▸ DATA TO PROCESS:
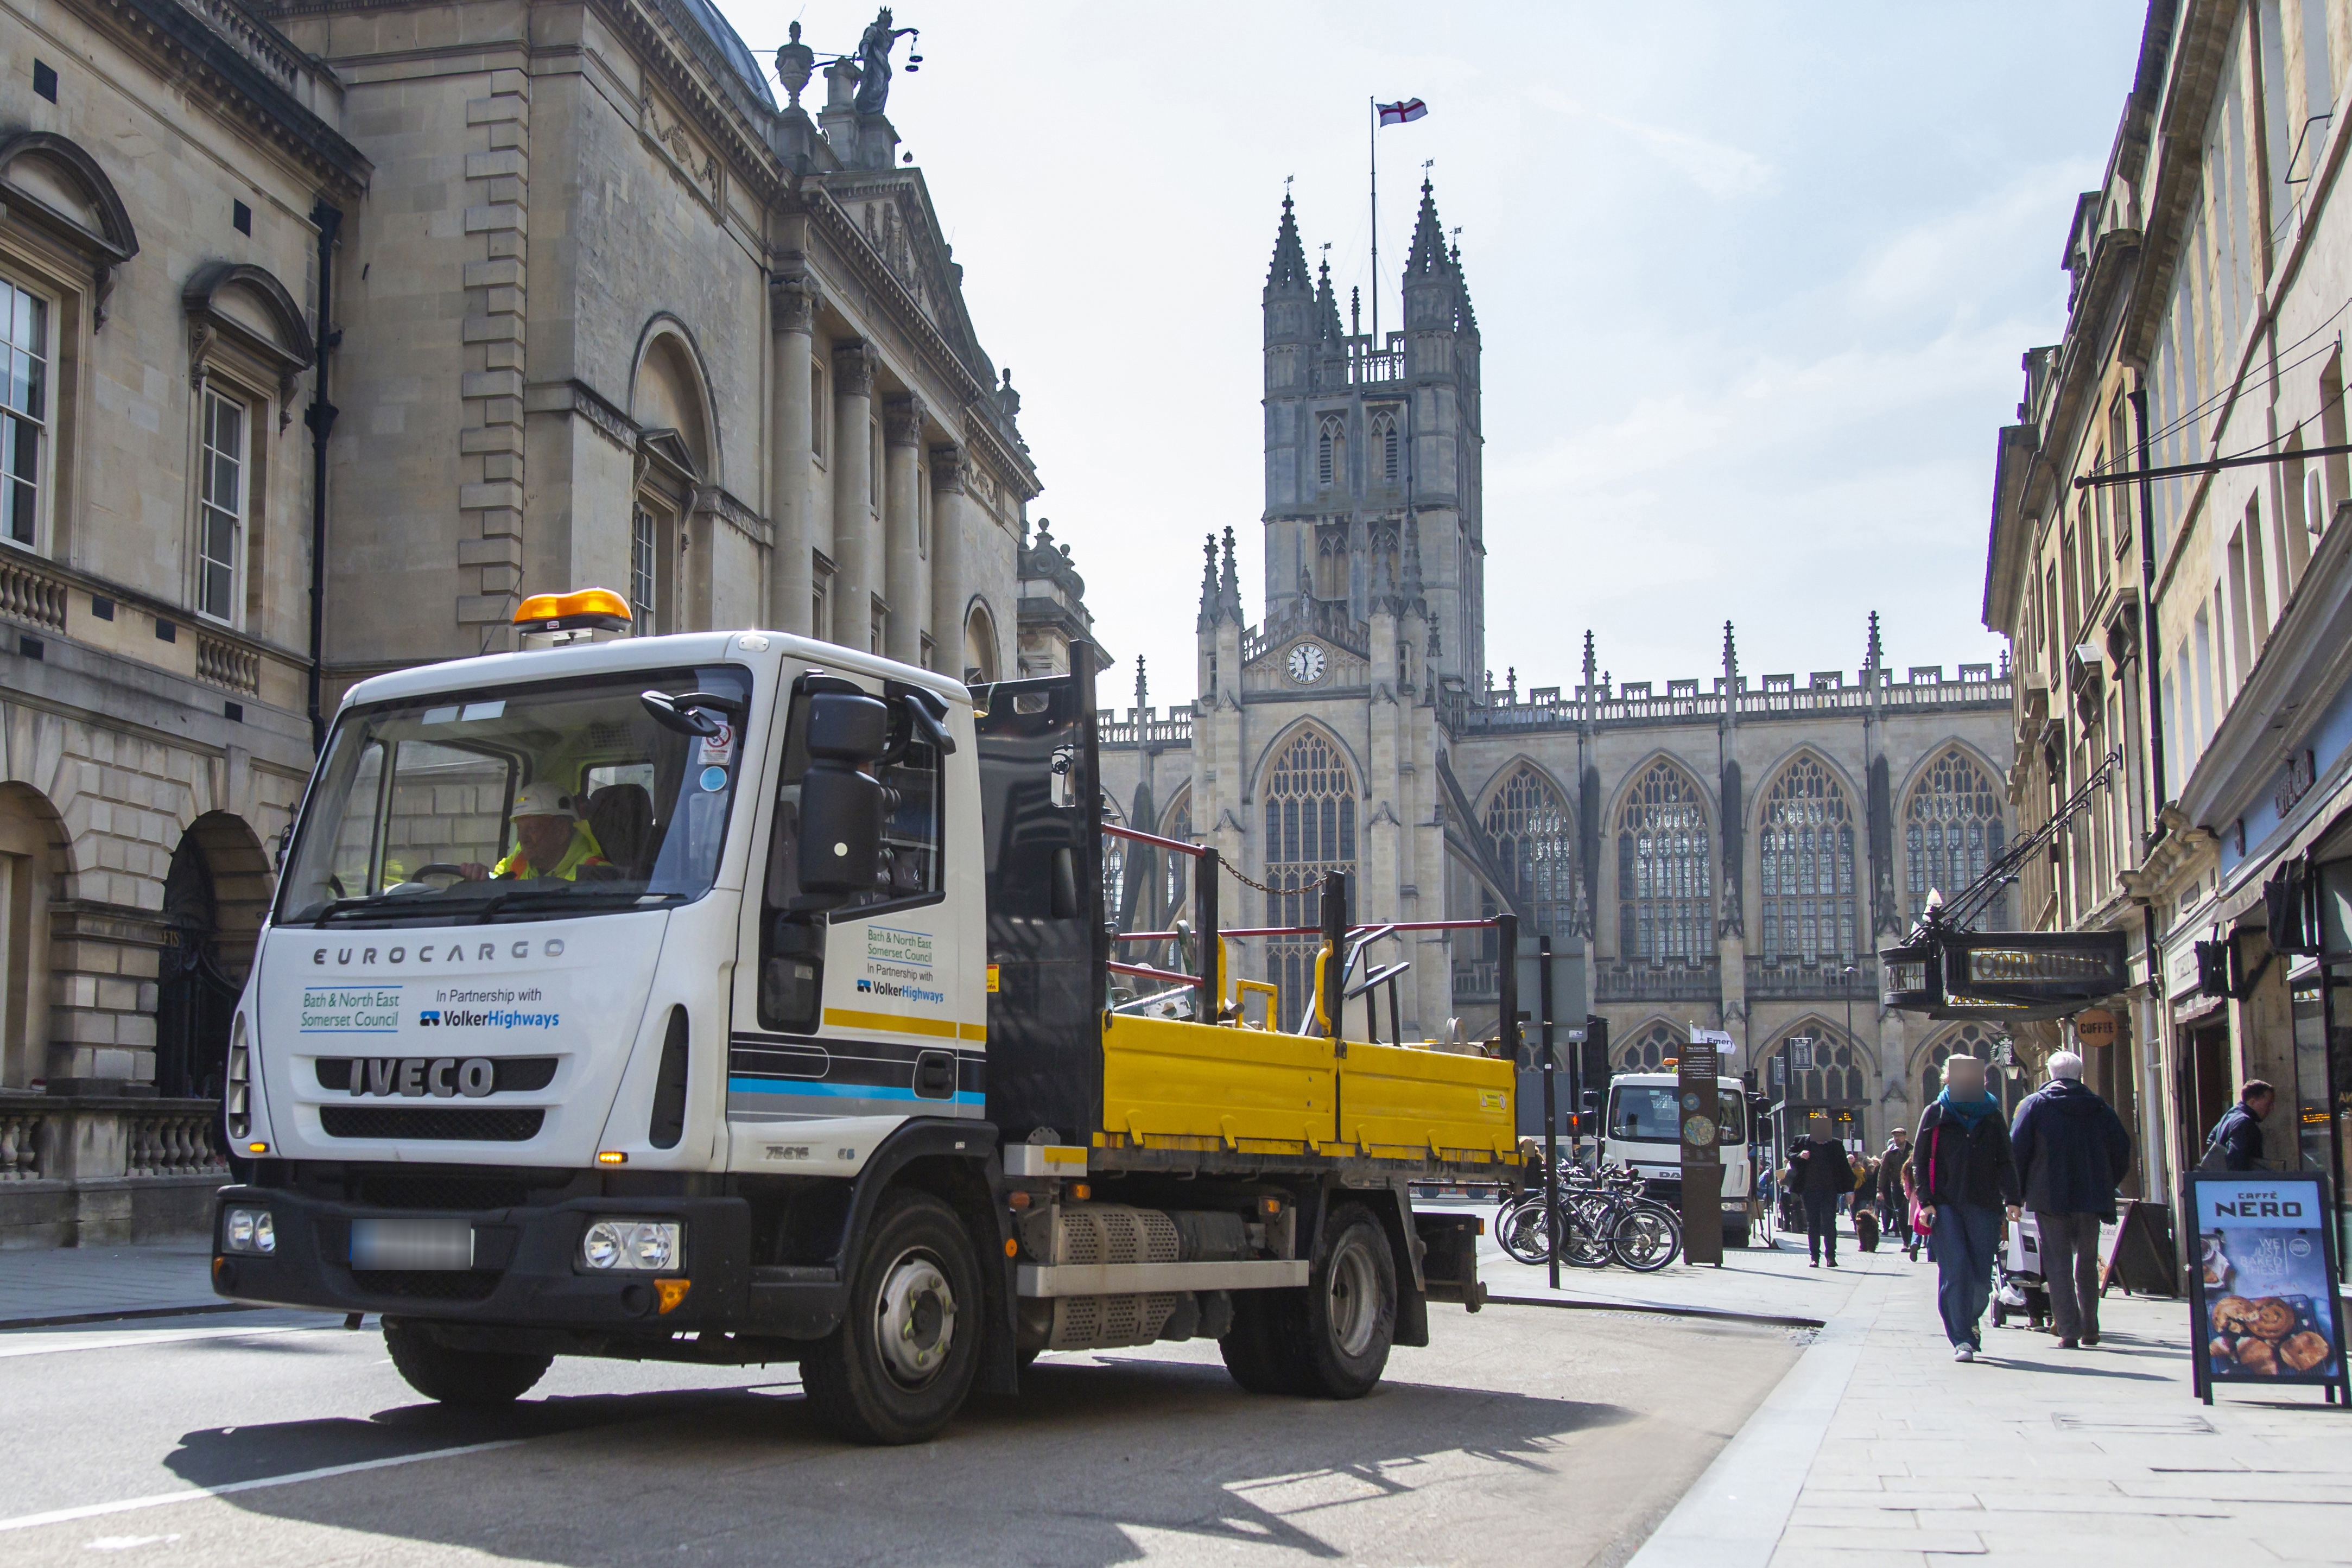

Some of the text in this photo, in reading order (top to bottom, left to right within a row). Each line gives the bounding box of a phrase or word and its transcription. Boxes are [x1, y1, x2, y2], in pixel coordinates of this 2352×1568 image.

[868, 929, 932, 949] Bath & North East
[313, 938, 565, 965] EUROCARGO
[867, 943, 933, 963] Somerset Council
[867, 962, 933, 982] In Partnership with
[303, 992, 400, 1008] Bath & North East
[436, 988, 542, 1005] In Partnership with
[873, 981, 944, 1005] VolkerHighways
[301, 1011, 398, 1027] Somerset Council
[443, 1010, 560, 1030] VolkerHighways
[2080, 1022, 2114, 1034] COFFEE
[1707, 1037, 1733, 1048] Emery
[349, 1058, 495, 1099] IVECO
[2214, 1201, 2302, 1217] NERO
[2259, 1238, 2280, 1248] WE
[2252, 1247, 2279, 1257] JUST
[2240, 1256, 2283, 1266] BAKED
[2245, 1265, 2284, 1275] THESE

--

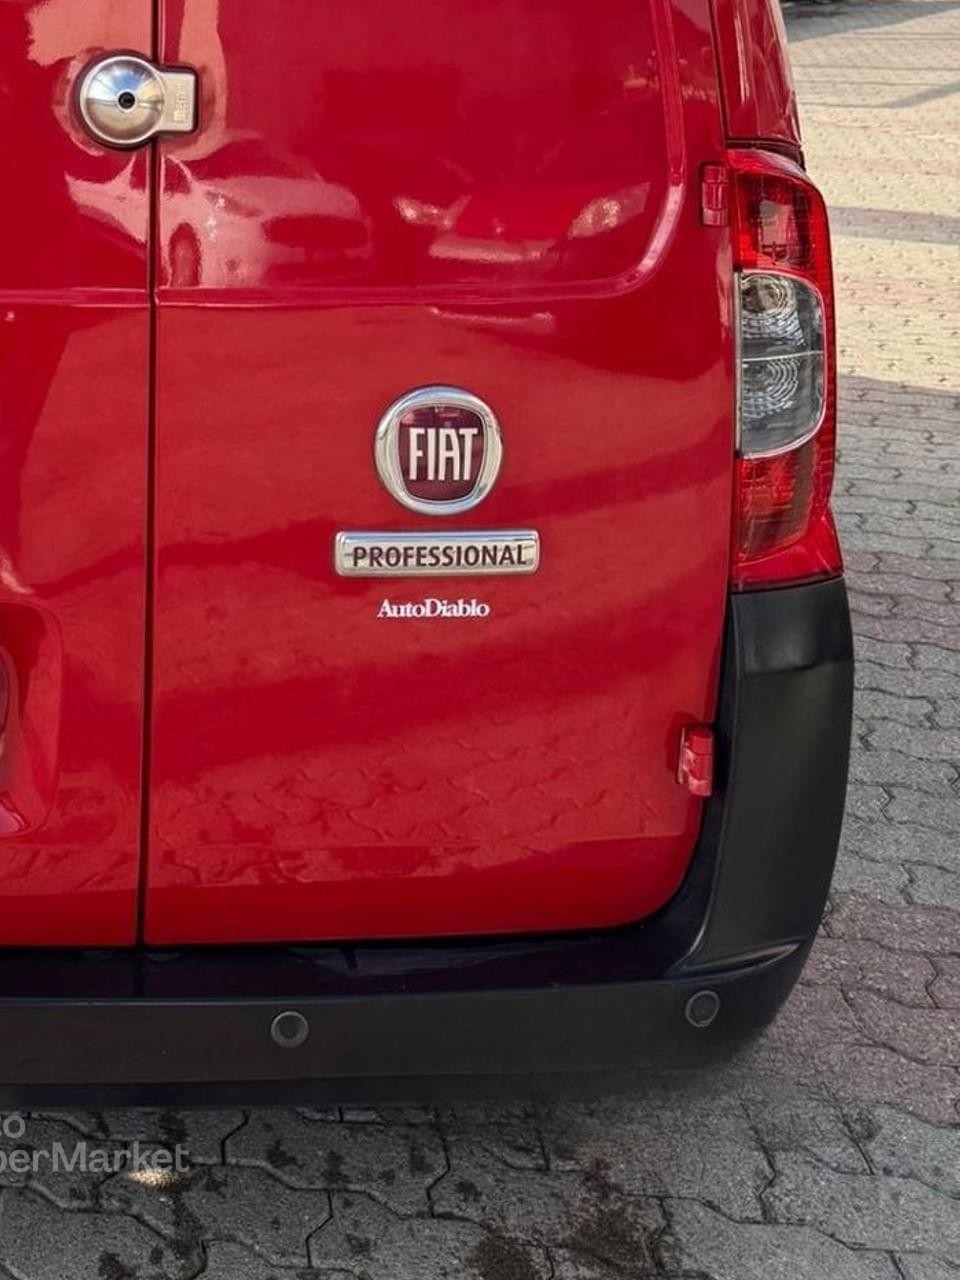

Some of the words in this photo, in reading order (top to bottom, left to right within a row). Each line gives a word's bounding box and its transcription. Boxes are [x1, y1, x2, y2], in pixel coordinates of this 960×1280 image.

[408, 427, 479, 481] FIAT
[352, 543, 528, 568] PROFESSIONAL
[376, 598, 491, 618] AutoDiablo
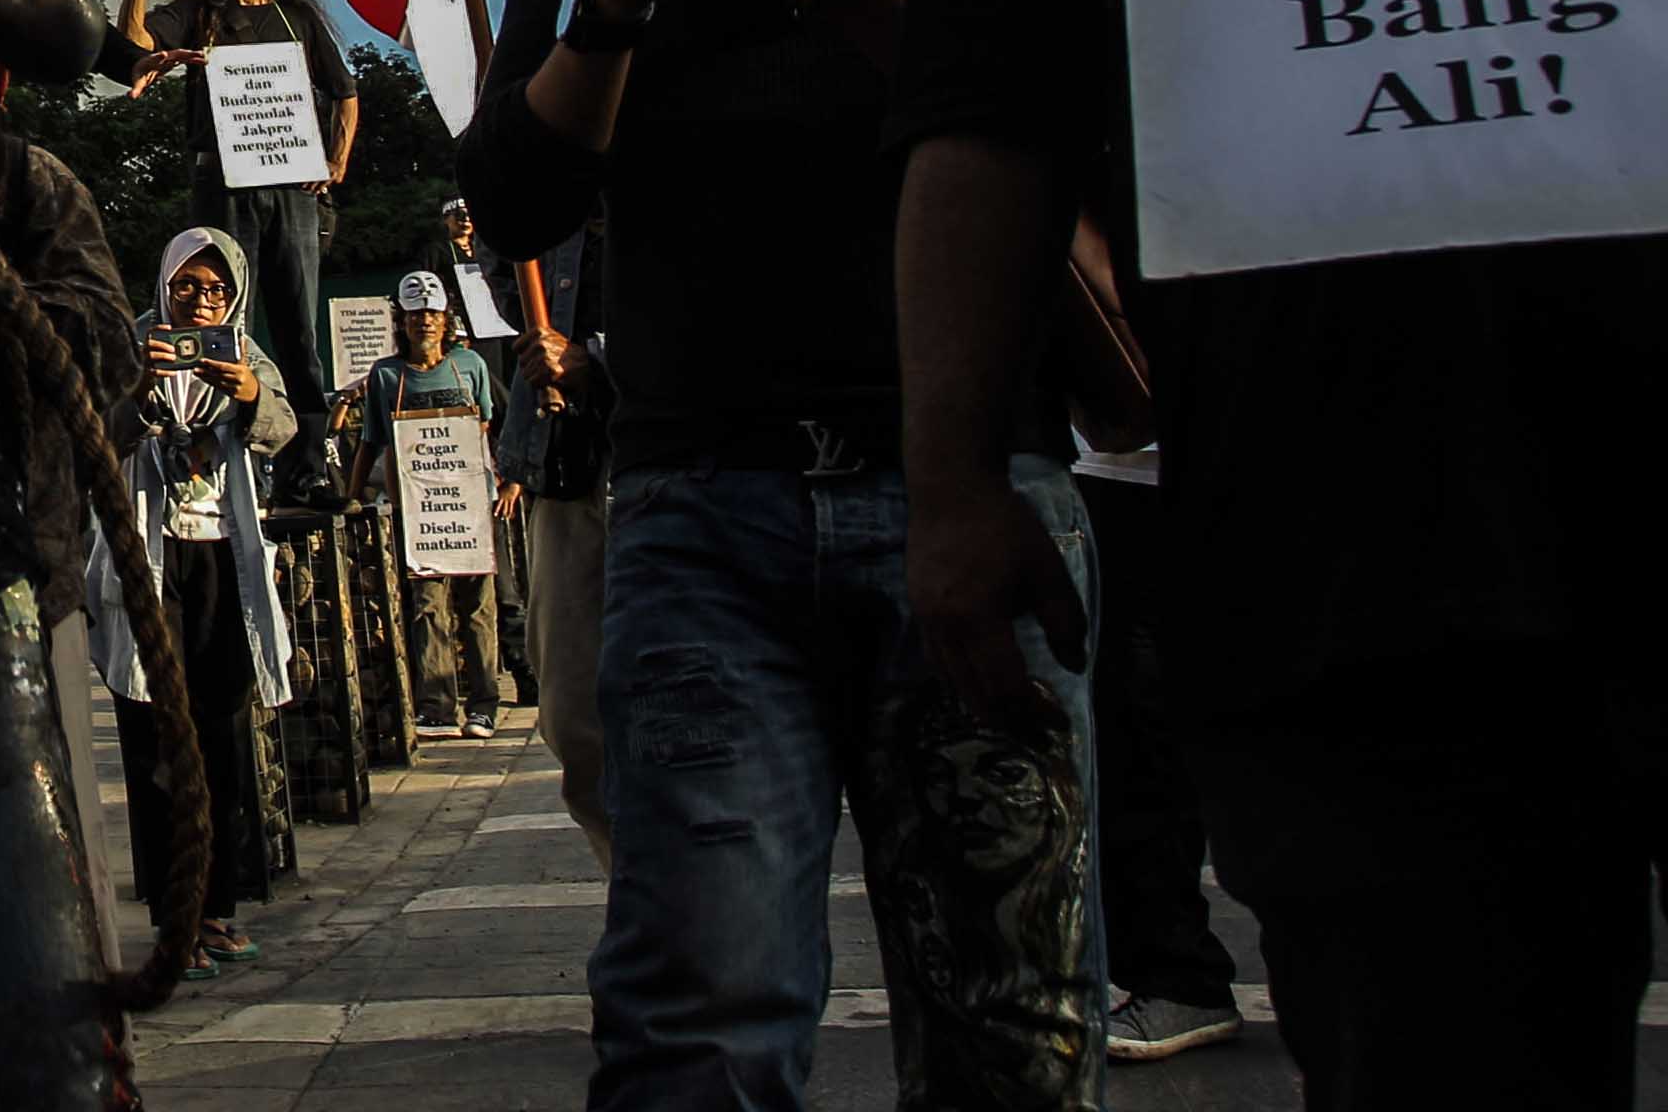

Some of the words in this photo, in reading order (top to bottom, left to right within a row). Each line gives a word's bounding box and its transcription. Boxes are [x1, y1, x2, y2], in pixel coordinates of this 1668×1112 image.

...

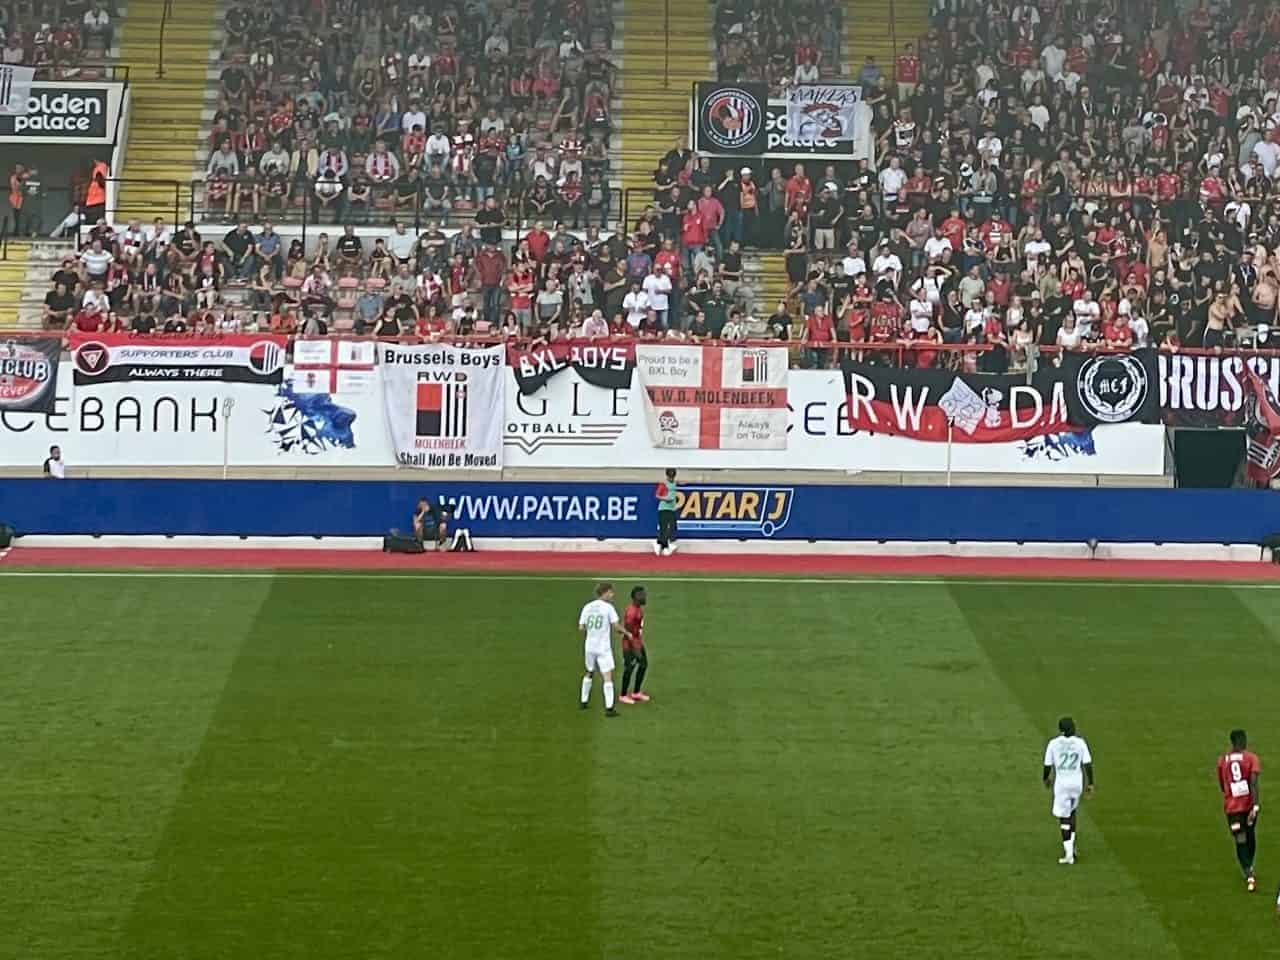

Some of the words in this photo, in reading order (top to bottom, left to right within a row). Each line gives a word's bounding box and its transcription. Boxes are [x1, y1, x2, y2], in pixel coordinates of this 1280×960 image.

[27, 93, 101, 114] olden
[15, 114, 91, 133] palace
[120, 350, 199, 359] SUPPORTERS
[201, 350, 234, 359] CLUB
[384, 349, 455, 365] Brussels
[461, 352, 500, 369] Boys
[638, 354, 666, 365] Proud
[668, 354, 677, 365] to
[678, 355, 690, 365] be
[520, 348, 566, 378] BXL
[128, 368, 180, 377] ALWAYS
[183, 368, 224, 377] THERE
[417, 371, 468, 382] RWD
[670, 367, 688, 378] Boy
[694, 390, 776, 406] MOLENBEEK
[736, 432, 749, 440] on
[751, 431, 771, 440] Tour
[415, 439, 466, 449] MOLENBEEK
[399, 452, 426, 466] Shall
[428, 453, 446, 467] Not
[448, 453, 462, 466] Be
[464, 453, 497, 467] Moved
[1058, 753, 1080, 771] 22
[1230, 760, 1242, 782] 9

▸ WORK ORDER: Find the line with "this 960×1280 image." and the line with "this 1668×1112 image." in the records above. Copy both and all lines between them exactly, without pictures.

▸ EXERCISE OUTPUT:
Some of the words in this photo, in reading order (top to bottom, left to right within a row). Each line gives a word's bounding box and its transcription. Boxes are [x1, y1, x2, y2], in pixel coordinates of this 960×1280 image.

[408, 427, 479, 481] FIAT
[352, 543, 528, 568] PROFESSIONAL
[376, 598, 491, 618] AutoDiablo

Some of the words in this photo, in reading order (top to bottom, left to right within a row). Each line gives a word's bounding box and its transcription. Boxes are [x1, y1, x2, y2], in pixel coordinates of this 1668×1112 image.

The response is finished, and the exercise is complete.